En las dos personas que hoy optan por recorrer distintos caminos, habrá un sentimiento de pérdida como sombra omnipresente en todas las dimensiones concretas del emparejamiento (tiempo, recursos, dinero, bienes, trabajos, etc.) y un flujo de emociones que varían su intensidad y duración según se desenvuelvan los capítulos de la separación.
El paradójico último encuentro como pareja, debería ser un proceso de separación consciente en el cual se suscriban las cláusulas de dignidad, respeto y generosidad que serán el sustento psicológico para crecer en la aparente adversidad de la pérdida, pero como humanos que somos, elegimos la explosión emocional como sinónimo de negación y a la vez manifestación de un poder que pretende sujetar lo que es ya inasible. Lo que ayer en función del enamoramiento y el auge del amor erótico fusionaba a las dos personas, ahora, con el desencanto y la inminente separación, se ha diluido, visibilizando los indicios de la desigualdad que impera en el discurso rencoroso y en la actitud combativa del que se asume abandonadx.
El marcar las diferencias conduce rápidamente a la exclusión moral del otro bajo un doble estándar de moralidad que se aplica en la pareja que se separa: unos valores corresponden a ser hombre, esposo, padre y otros distintos a mujer, esposa y madre, son dos universos totalmente disímiles en cuanto a las responsabilidades históricas de lo que fueron en la pareja y derechos que deben asumir por ellos y por los hijos. Por allí, por el terreno de la desigualdad se decanta el conflicto y también la ansiedad moral que pone a dudar entre la decisión de separarse librando una batalla o allanarse a seguir en esa pacífica vida gris.
Quien recibe la noticia de la separación se instala de inmediato el mal sabor de la frustración que desata la tormenta emocional en la cual la ira y el dolor son esenciales.

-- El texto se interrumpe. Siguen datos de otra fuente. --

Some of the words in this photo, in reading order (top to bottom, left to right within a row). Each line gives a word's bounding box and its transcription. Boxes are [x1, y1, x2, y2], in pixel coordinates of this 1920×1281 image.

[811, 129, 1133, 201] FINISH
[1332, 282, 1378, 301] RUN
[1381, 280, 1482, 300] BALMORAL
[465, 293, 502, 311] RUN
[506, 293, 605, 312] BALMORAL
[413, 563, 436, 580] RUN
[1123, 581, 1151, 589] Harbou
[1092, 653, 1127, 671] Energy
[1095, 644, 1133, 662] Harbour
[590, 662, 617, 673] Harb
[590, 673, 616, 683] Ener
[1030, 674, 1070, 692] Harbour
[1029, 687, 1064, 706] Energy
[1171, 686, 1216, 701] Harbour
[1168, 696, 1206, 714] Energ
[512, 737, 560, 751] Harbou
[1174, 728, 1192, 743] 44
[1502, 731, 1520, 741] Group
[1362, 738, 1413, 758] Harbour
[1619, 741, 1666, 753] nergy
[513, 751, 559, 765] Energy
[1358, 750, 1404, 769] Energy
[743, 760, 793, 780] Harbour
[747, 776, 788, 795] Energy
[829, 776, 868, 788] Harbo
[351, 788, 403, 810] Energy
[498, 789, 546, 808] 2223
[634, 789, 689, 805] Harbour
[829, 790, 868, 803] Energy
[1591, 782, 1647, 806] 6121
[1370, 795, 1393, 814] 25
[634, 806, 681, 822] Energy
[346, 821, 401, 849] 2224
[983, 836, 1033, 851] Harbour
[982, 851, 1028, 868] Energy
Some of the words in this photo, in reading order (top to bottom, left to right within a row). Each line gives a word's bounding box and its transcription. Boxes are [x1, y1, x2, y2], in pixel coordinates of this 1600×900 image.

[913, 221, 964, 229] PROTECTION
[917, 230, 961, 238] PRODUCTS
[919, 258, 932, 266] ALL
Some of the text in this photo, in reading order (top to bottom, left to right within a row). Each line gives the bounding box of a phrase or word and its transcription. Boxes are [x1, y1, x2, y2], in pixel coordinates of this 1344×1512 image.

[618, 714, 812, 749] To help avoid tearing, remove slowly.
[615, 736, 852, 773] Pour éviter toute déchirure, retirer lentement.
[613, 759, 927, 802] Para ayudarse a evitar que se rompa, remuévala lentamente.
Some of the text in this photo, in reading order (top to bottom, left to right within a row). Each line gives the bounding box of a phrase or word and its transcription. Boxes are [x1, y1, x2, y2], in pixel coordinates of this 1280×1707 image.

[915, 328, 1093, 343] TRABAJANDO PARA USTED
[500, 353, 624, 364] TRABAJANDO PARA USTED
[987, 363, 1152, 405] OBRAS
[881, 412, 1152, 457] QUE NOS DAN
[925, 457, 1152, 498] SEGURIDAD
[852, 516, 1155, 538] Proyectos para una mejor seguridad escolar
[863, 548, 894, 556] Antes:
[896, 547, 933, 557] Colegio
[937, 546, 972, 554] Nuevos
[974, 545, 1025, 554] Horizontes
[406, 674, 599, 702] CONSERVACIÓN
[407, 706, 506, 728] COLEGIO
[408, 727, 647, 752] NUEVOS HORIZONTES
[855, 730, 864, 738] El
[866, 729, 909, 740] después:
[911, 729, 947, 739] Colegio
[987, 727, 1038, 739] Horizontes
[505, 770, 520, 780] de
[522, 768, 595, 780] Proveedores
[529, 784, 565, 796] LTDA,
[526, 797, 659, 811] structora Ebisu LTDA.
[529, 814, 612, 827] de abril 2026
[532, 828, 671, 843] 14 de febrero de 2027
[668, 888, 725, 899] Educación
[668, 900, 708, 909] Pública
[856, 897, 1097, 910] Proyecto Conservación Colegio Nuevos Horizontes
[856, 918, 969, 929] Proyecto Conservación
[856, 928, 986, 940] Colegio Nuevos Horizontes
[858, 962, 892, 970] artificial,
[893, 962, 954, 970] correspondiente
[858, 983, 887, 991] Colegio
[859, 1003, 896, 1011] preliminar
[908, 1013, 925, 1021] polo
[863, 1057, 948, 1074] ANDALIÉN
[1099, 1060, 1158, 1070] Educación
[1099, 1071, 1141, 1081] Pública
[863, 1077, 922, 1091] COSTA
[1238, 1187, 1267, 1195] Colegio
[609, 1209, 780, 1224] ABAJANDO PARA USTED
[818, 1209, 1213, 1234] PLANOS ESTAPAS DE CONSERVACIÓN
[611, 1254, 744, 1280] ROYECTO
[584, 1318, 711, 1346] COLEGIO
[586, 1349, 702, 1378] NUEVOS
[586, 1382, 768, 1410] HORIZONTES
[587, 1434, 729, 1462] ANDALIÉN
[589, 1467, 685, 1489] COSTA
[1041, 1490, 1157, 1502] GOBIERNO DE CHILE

La ira enceguece y no permite ver que el desamor es irremediable, ha teñido toda la relación, muchas veces tuerce el razonamiento asumiendo que el otre, ha tomado una posición errática por falta de madurez o una mala influencia externa, pero con la presión adecuada (acceso al dinero, al patrimonio, a los bienes, inducción de culpa, etc.) volverá a la fusión en el amor.
La ira y el dolor se combinan para advertir el escenario caótico de sufrimiento en que quedará sumido quien es abandonadx, del cual el que abandona es responsable, y por cierto, la ira y la amargura se fusionan con la mezquindad complicando la parte material de la separación cuando hay patrimonio y obligaciones con los hijos.
Quien decide separarse, siente culpa y vergüenza porque se atrevió a contrariar un mandado irrevocable en el imaginario social, sufre malestar porque le impactan los mensajes de extorsión emocional respecto del bienestar de los otros sobre todo en una cultura colectivista como la latinoamericana y en la contienda por los bienes/patrimonio, también experimentará ira.
Las batallas emocionales de la separación se libran en un pantano de fangosa autoestima lastimada y de miedo, que hace muy difícil salir hacia el sendero del diálogo empático, tolerante y constructivo, es un suelo pegajoso que mantiene a las personas fijas, crispadas en la dinámica de ataques, revanchas, y son el contexto beligerante en el que solo caben las ideas de retaliación y no las de justicia.
De lo vivido aprendemos, y tras decidir se podría reflexionar ¿Necesito separarme, quiero y puedo hacerlo? Solo así se pulsará el botón off, y se saldrá de la inercia.